Exercise data:
= Beginning of Section =

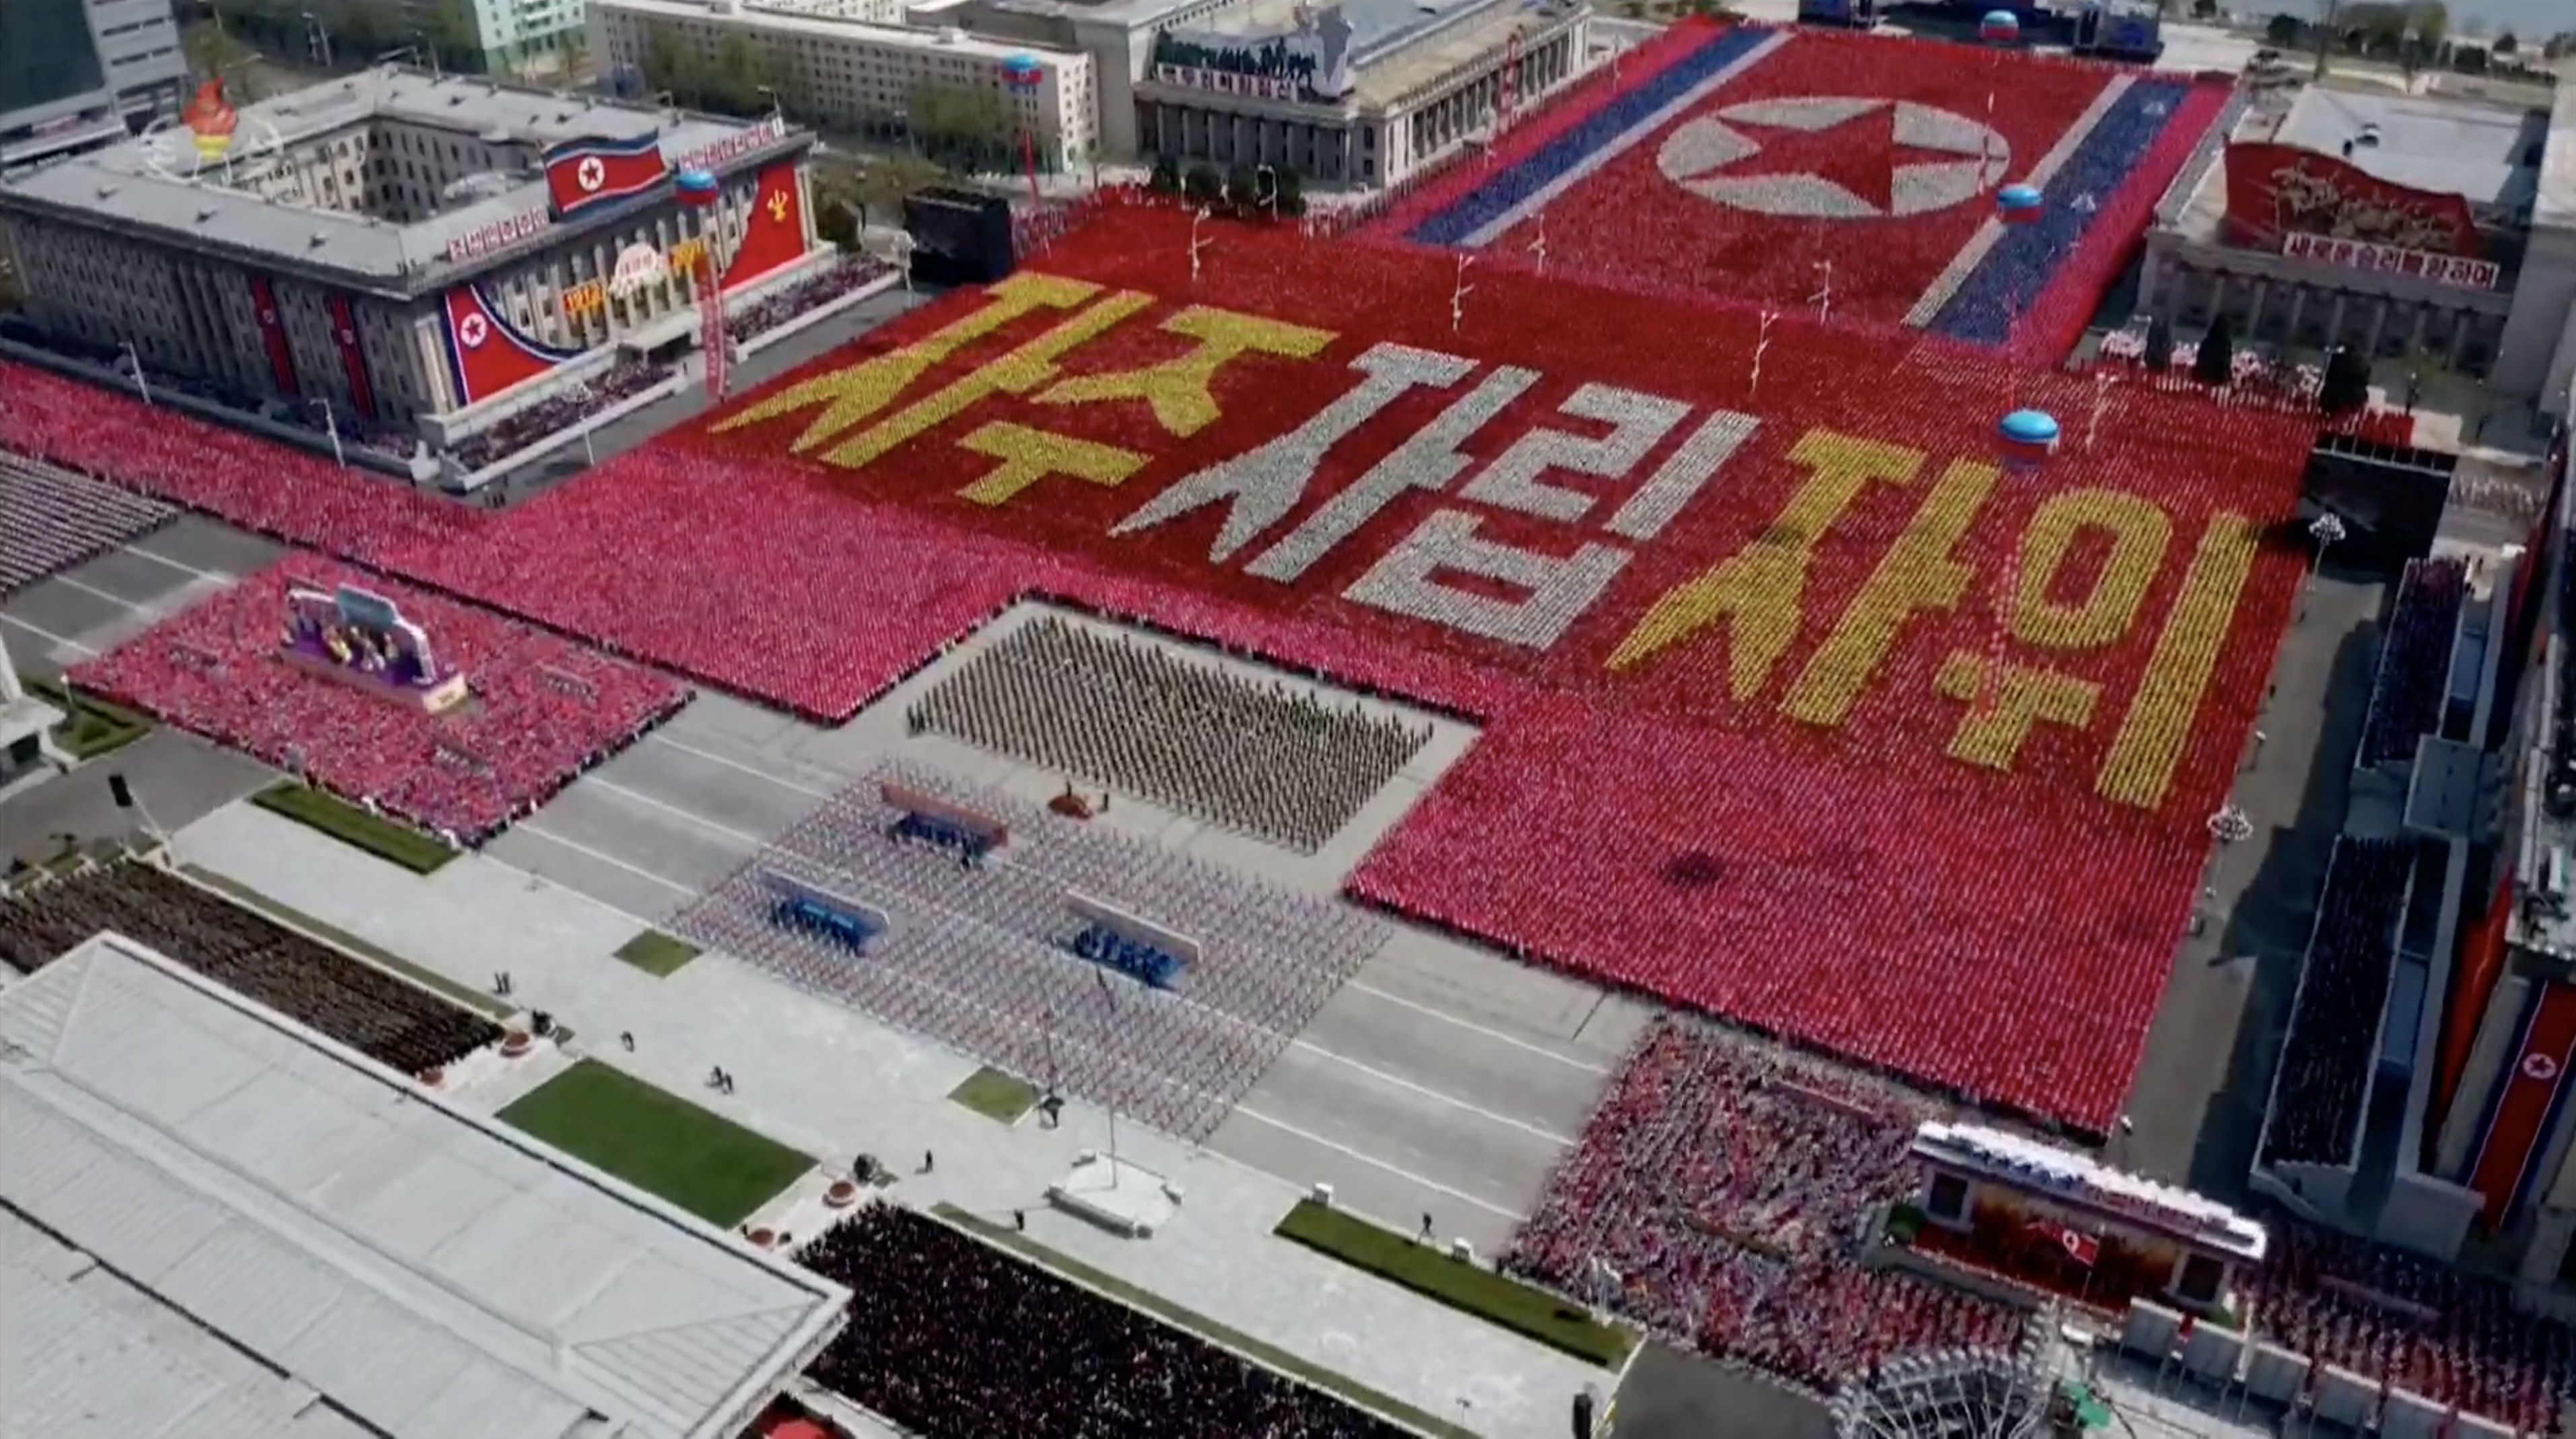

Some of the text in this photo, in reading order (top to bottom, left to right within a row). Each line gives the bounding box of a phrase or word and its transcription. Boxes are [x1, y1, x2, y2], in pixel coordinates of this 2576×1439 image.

[707, 271, 1341, 507] 자주
[1105, 341, 1762, 651] 자립
[1602, 426, 2260, 809] 자위
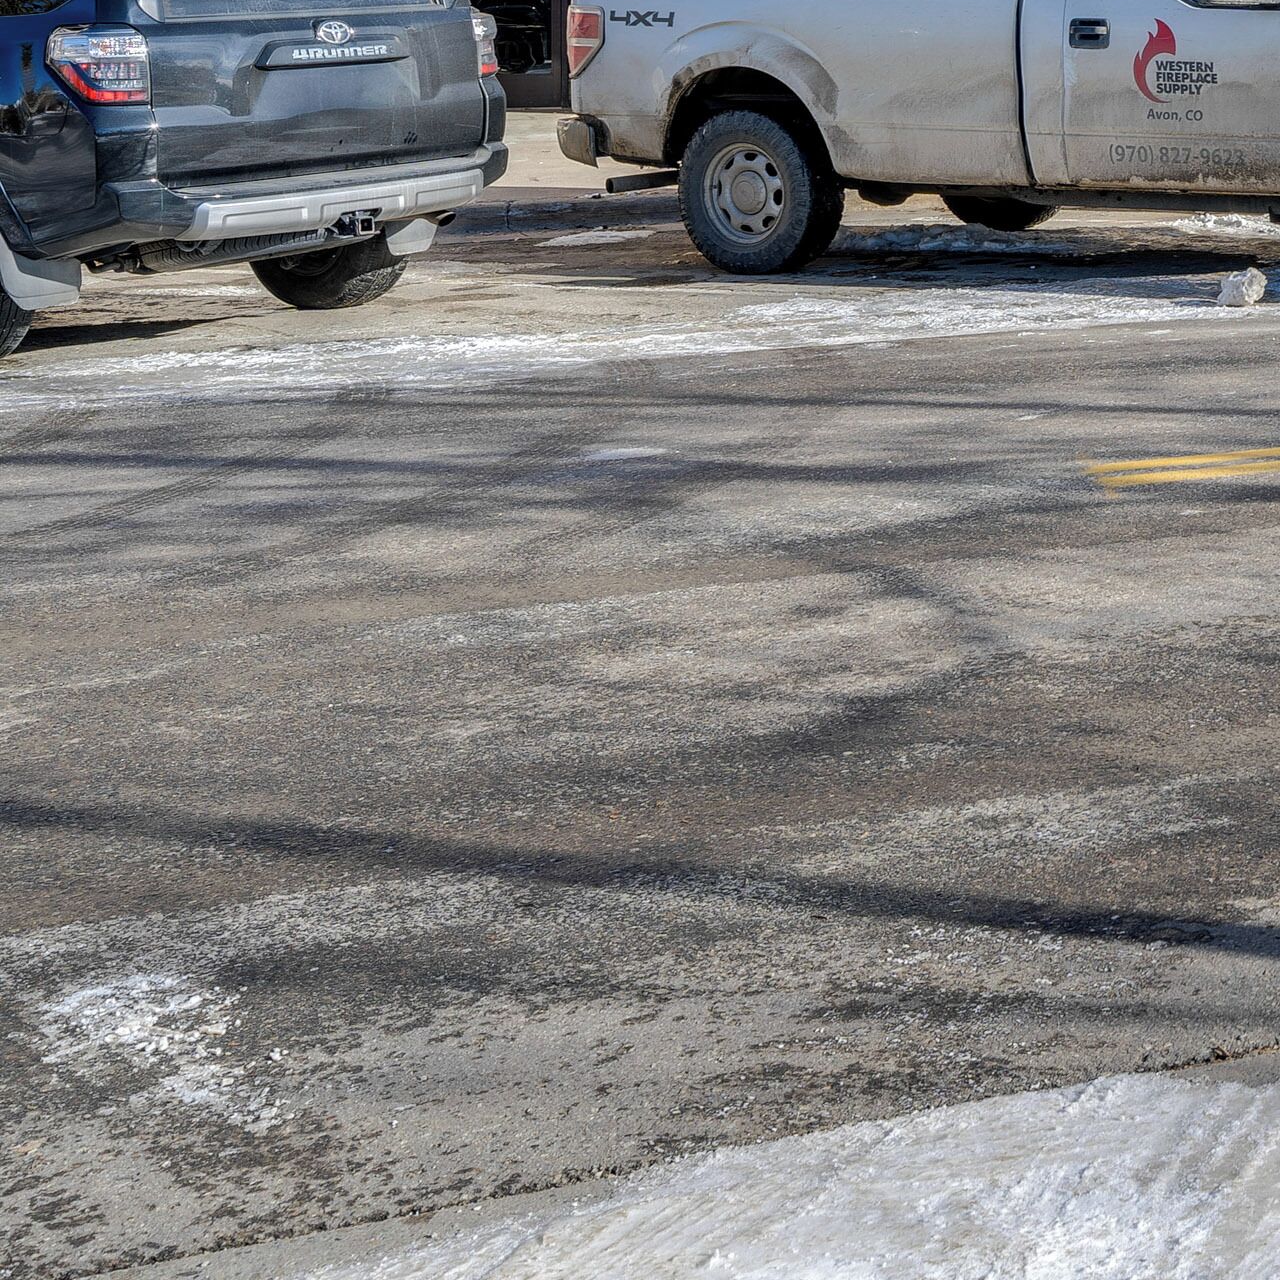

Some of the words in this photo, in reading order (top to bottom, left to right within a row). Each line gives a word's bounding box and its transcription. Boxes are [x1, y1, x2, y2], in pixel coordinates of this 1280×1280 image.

[1155, 60, 1214, 73] WESTERN
[1155, 71, 1218, 84] FIREPLACE
[1156, 83, 1203, 95] SUPPLY
[1147, 108, 1182, 122] Avon,
[1185, 109, 1204, 121] CO
[1109, 143, 1154, 166] (970)

= End of Section =

Activity: Please transcribe the entries precisely and omit any images they hold.

Completed exercise:
Some of the text in this photo, in reading order (top to bottom, left to right within a row). Each line gives the bounding box of a phrase or word and its transcription. Boxes are [x1, y1, x2, y2], in pixel coordinates of this 2576×1439 image.

[707, 271, 1341, 507] 자주
[1105, 341, 1762, 651] 자립
[1602, 426, 2260, 809] 자위

Some of the words in this photo, in reading order (top to bottom, left to right within a row). Each line gives a word's bounding box and its transcription. Boxes are [x1, y1, x2, y2], in pixel coordinates of this 1280×1280 image.

[1155, 60, 1214, 73] WESTERN
[1155, 71, 1218, 84] FIREPLACE
[1156, 83, 1203, 95] SUPPLY
[1147, 108, 1182, 122] Avon,
[1185, 109, 1204, 121] CO
[1109, 143, 1154, 166] (970)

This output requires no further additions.